Zimbabwean national Brian Madzvimbo who survived the 24 March attack on Palma, Mozambique, says he spent two days in the bush after his vehicle was ambushed while working for KEA Projects.
Madzvimbo’s vehicle was found abandoned with a body next to it, and colleagues feared he was dead.
Speaking to ZimLive from Manica after finally being rescued on April 4, Madzvimbo said he “saw at least 200 bodies, at least 50 with heads severed.”
His account could not be verified, the Mozambican government – eager to project normalcy in Palma – has so far not said how many people died.
Madzvimbo, originally from Murehwa, said many Zimbabweans working on the gas projects had changed their names by acquiring fake Mozambican identity documents. His was Ibrahim, he said:
There was Max, a mechanic. They beheaded him for being a rasta. From KEA where I worked, two people are still missing. One of them is Tennyson, but I’m sure that’s not his real name. Then there are two Zimbabwean sisters I know from church, Monica and Mariana from CMSG Catering. They can’t be found. I also know brothers Tony and Alan, who are still missing.
Most of those that died couldn’t or didn’t run for it. They thought the accommodation that their companies were renting was safe, but the insurgents breached the security and searched every room.
Meanwhile, the family of Nyasha Mugwagwa, another Zimbabwean who went missing following the attack, said the 38-year-old is dead.Shutting down a missing person appeal on social media Monday, the family said it had been established that Nyasha who was a catering manager for Remote Site Solutions at the multibillion-dollar gas projects being built by France’s Total and other energy companies died on March 28. Said the family:
It is with deep sorrow that we announce the passing of Nyasha. This occurred on March 28 in Palma during an attack on the town by insurgents.

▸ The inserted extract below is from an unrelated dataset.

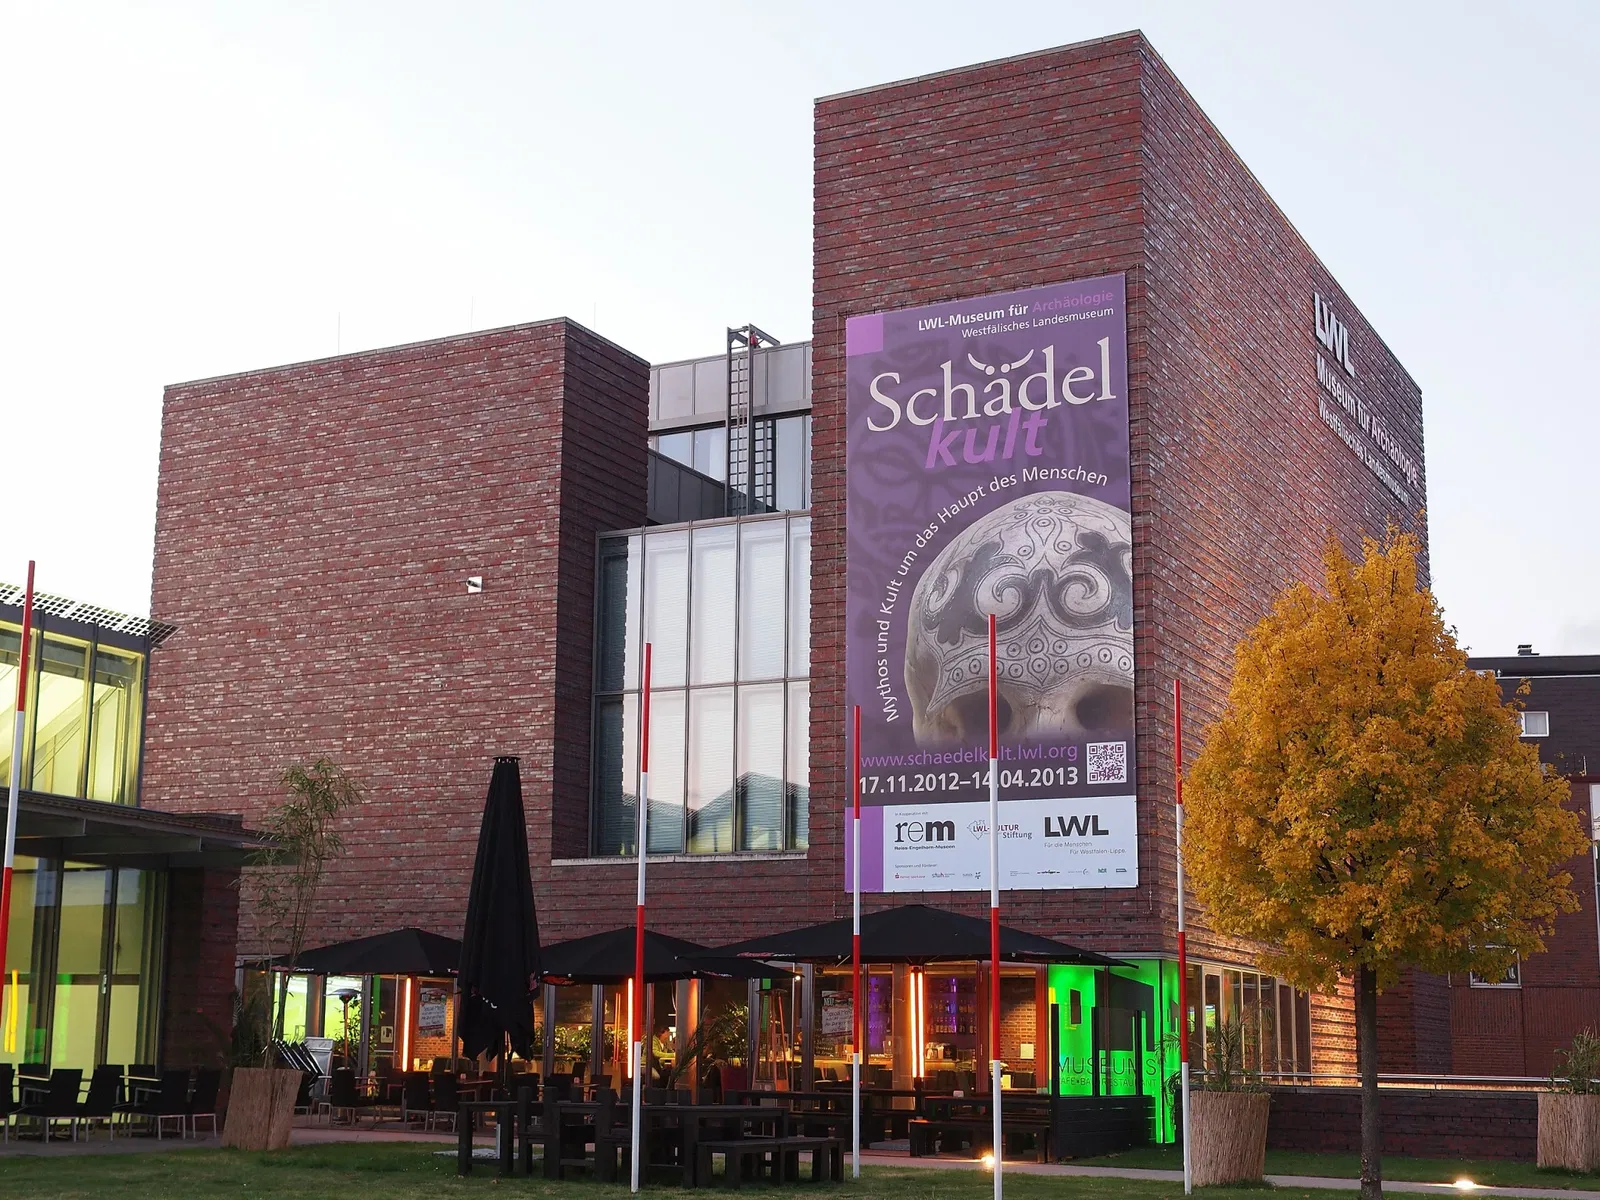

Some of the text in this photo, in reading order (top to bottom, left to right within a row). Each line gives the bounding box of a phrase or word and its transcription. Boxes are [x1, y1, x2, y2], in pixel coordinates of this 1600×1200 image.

The family statement did not state how they had received confirmation. Nyasha was married to a Mozambican national and the couple had a one-year-old daughter.
The terrorists targeted areas where foreign workers and contractors were residing and went door-to-door, looting and killing occupants.
Many were beheaded and their bodies left lying in the streets, hundreds were airlifted and others escaped by boat as fighting raged.
The Mozambican army regained control after several days of fighting when the terrorists had already killed dozens and looted shops.
Zimbabwe and other regional countries have discussed a troop deployment to deal with the insurgency.